L'Écho des Ruines

 

Dans une chambre sans toit, où le ciel a pleuré,

Deux fleurs de l'innocence au cœur désemparé.

Sur un trône brisé, la première s'affaisse,

Tenant contre son sein une poupée de détresse.

Le jouet est figé, aux yeux grands et vides,

Miroir de cette peur que le malheur décide.

Le vêtement est usé, les bottes pleines de boue.

Témoins de longs chemins et de genoux à bout.

De l'autre côté de l'ombre, une sœur de douleur s'est mise à genoux,

Ses boucles sombres dansent comme une vaine flamme,

Alors que ses grands yeux cherchent un bout de l'âme.

Elle fixe le plafond béant, une fenêtre sans vitre,

Espérant un ange, un secours.

À ce livre cruel que l'on appelle la guerre,

Où l'on arrache l'enfant avant de l'enterrer.

L'une porte le poids du passé et d'un monde écroulé,

L'autre le poids du futur et d'un rêve mutilé.

Elles sont les sentinelles de ce chaos sans fin,

Prises au piège cruel d'un terrible destin.

L'innocence est fauchée par la rage du canon,

Il ne reste qu'un cri, perdu dans l'abandon.

Que Dieu ait pitié de ces anges fragiles,

Victimes innocentes d'un monde si hostile.


'Gemini'





Joyeuses Pâques

 

Le givre s'efface au premier chant d'oiseau,

La terre s'éveille sous un soleil nouveau.

Dans le secret des haies et l'herbe du matin,

Se cachent les trésors de nos rêves enfantins.

Les cloches s'envolent dans l'azur infini,

Semant des éclats d'or sur le jardin fleuri.
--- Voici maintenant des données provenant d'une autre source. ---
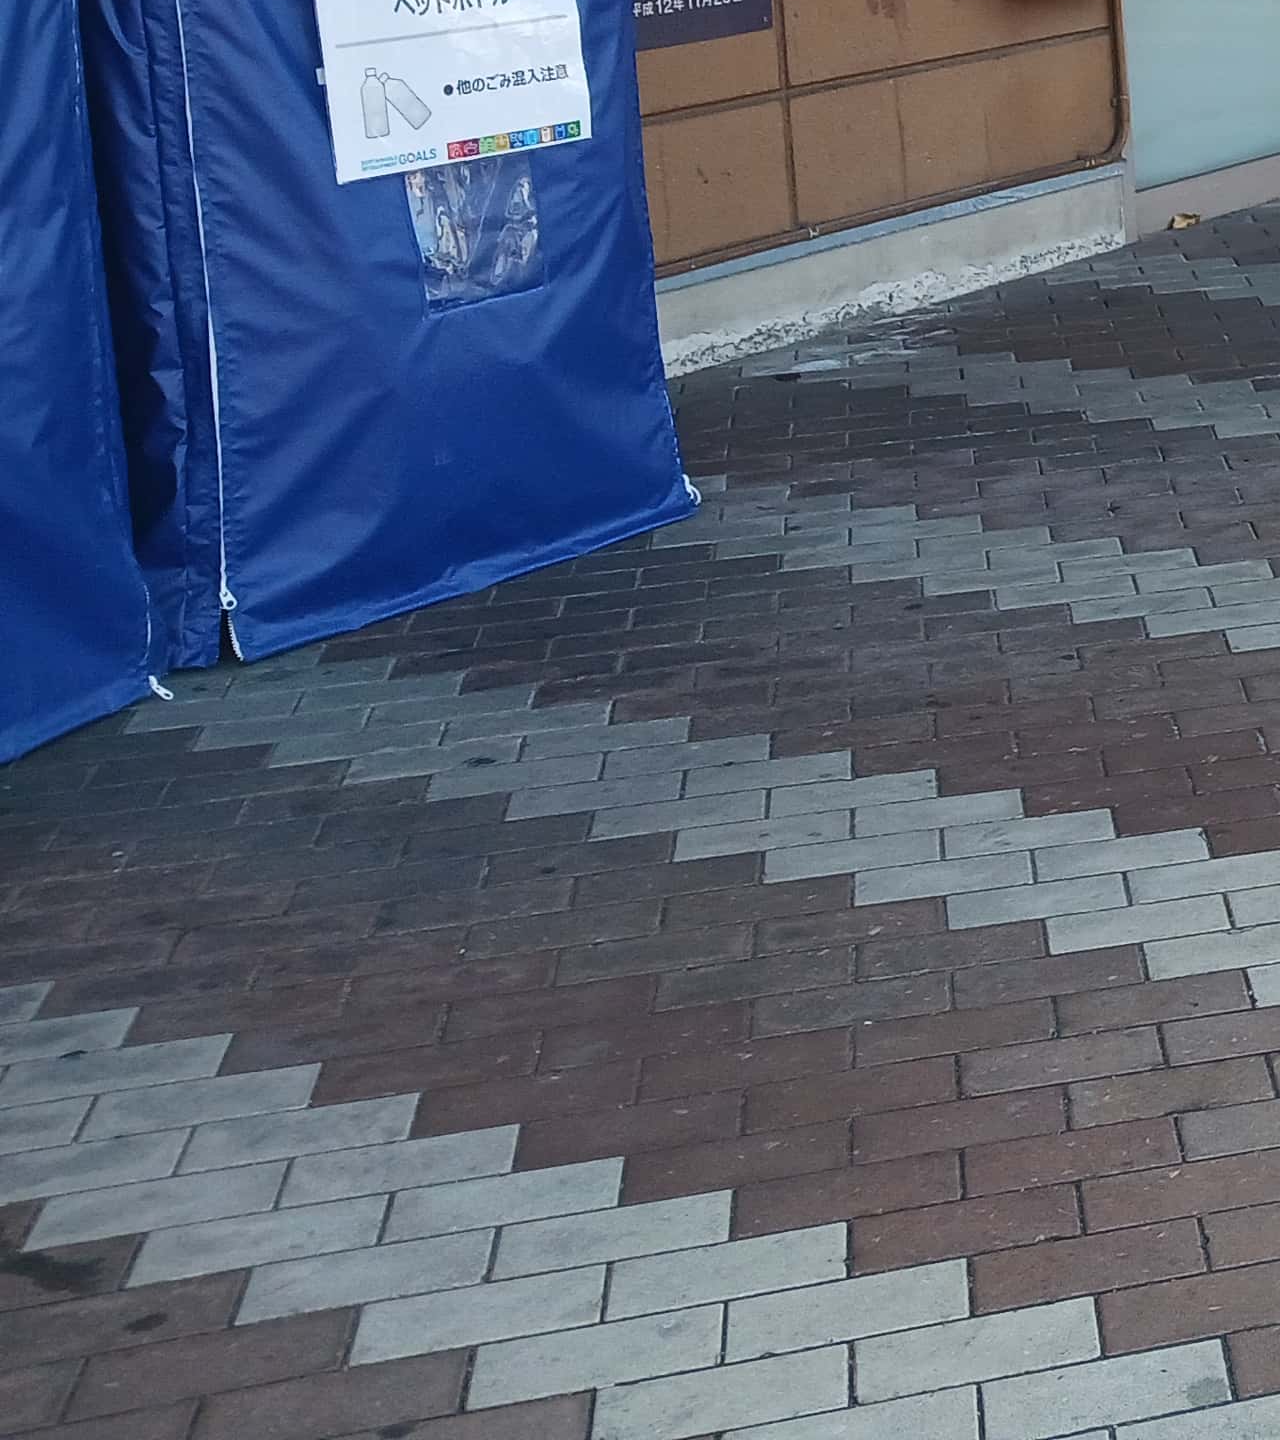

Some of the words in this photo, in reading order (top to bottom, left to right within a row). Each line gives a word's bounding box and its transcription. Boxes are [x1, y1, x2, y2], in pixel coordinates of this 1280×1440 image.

[456, 64, 569, 95] 他のごみ混入注意
L'œuf, coque de mystère aux couleurs de l'aurore,

Renferme la vie douce qui demande à éclore.

Petits lapins de sucre et poussins de velours,

Escortent le printemps de retour en ce jour.

Le chocolat fond comme un baiser sucré,

Dans les mains des enfants, de joie émerveillés.

C'est un temps de partage, de paix et de lumière,

Où la nature entière entame sa prière.

Pâques nous murmure, en ce réveil si beau,

Que chaque fin cache un départ nouveau.






Le Printemps

 

Au cœur d'un jardin de conte de fées,

Une jeune fille s'avance, légère et parée.

Son grand chapeau rose, aux motifs dansants,

Abrite son sourire, tendre et ravissant.

D'un panier elle tient une moisson de couleurs,

Où se mêlent le bleu et l'or des fleurs.

Sa robe, dégradé de blanc et de rose,

S'épanouit en corolle où le printemps se pose.

Sous une arche fleurie, aux parfums enivrants.

Une cascade murmure une douce chanson,

Dans ce décor enchanteur, loin de la raison.

La demoiselle, est l'âme de ce lieu,

Printemps éternel, figé dans cet instant,

Où tout est beauté, grâce et sentiment.

Une ode à la vie, qui renaît chaque année,

Dans le cœur de cette muse, à jamais inspirée.